The Service User we just created needs some authorizations, otherwise the IPS will fail to do its job. According to the official IPS documentation the following read-only role is everything needed: SAP_BC_JSF_COMMUNICATION_RO. This Role must be assigned to our Service User, i.e. by using the Transaction PFCG. The video at 10:10 illustrates exactly what to do, and it even shows you how to activate the profile etc and how to make sure everything is “green”.

 

6. Creating a new ABAP Role containing some required Authorization Objects

Once again having a look at the official IPS documentation you can see that the read-only role SAP_BC_JSF_COMMUNICATION_RO should be everything needed for the IPS to work. Well, that’s not really enough! The service user must have the following Authorization Objects assigned (seems not to be documented for some reason):

  1. S_RFC
    needed because the IPS will call RFCs, thus the service user needs RFC authorization

    • RFC_TYPE: Function group, Function Module
    • RFC_NAME
      • BAPI_USER
      • BAPI_USER_GETLIST
      • BAPI_USER_GET_DETAIL
      • PRGN_ROLE_GETLIST
      • PRNG
    • ACTVT: Execute
  2. S_USER_AGR
    needed because the function module PRGN_ROLE_GETLIST checks for it

    • ACT_GROUP: DUMMY
    • ACTVT: Display

We’ll create a new Role containing the mentioned Authorization Objects. The role must then be assigned to the Service User, and that’s it. The video at 11:25 illustrates everything in detail. First, you go to Transaction PFCG and create a role, i.e. ZS_RFC_SAPCPIPS. Then you assign the mentioned Authorization Objects with the values mentioned above.

 

Finally, you have to assign the Services User to the role:

 

7. Creating Demo Users with Demo Roles (ABAP)

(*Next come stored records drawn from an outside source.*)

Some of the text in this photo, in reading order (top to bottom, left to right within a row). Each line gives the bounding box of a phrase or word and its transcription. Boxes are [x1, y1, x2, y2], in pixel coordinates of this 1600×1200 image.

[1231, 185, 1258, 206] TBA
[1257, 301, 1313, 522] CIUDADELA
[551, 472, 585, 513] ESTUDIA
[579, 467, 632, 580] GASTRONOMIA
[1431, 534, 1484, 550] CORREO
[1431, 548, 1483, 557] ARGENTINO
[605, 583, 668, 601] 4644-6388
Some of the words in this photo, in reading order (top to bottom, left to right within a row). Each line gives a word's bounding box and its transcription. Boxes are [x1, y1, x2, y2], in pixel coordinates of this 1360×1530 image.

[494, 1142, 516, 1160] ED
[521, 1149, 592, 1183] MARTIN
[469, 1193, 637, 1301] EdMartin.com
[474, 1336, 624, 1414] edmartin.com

For a better demonstration of how IPS works I’ve created a few other roles and the corresponding users as well, for details see  video at 14:20:

Additional Roles via PFCG:

  • ZDEMO_MANAGER
  • ZDEMO_PURCHASER
  • ZDEMO_SALESREP

Additional Users with assigned Roles from above via SU01:

  • SALESREP
    • Roles: ZDEMO_SALESREP
  • PURCHASER
    • Roles: ZDEMO_PURCHASER
  • MANAGER
    • Roles: ZDEMO_MANAGER, ZDEMO_PURCHASER

Later, you’ll see how these users/roles are provisioned to you SAPCP Trial Account.

 

8. Generate OAuth Client Credentials in Target SAPCP account

The IPS allows two types of systems

  1. Source Systems
    From where the users/roles etc. are read by the IPS. This is where your users come from. In our case, our Source System is our NW ABAP running in Docker on localhost.
  2. Target Systems
    Where everything gets provisioned to. In our case, the Target System in an SAPCP Account.

In other words: we want to get our users from ABAP provisioned into our SAPCP account.

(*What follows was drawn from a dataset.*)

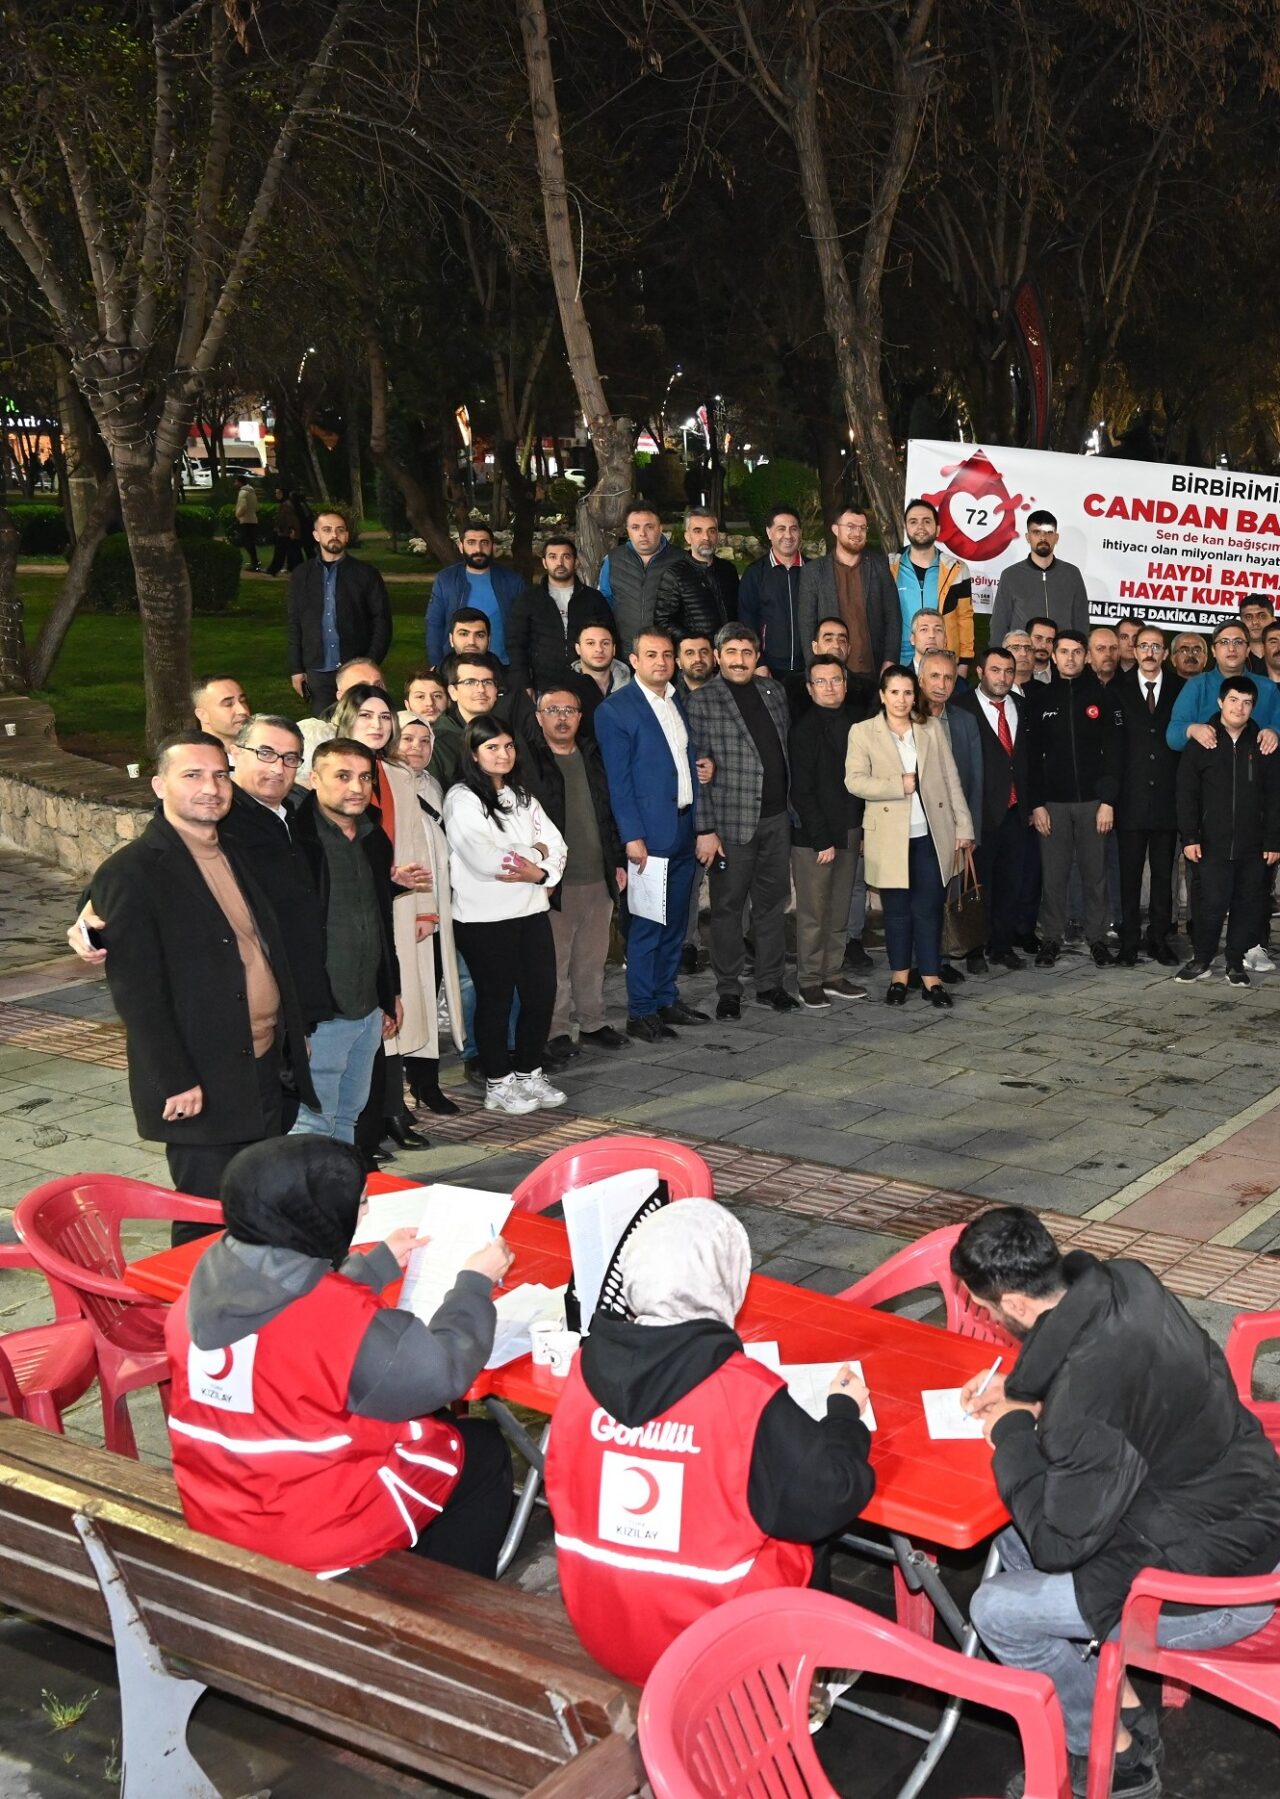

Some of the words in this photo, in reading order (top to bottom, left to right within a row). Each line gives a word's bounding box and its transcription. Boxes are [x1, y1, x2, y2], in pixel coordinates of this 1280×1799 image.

My own SAPCP account’s IPS can provision users to any SAPCP account, i.e. to yours, or even to the very same SAPCP account to which the IPS belongs. In our case, the IPS can be considered as a client that wants to access some (Authorization Management) APIs of a given SAPCP account, and thus we need credentials so that the IPS can call the APIs using a given user id with the needed authorization together with a password (“secret).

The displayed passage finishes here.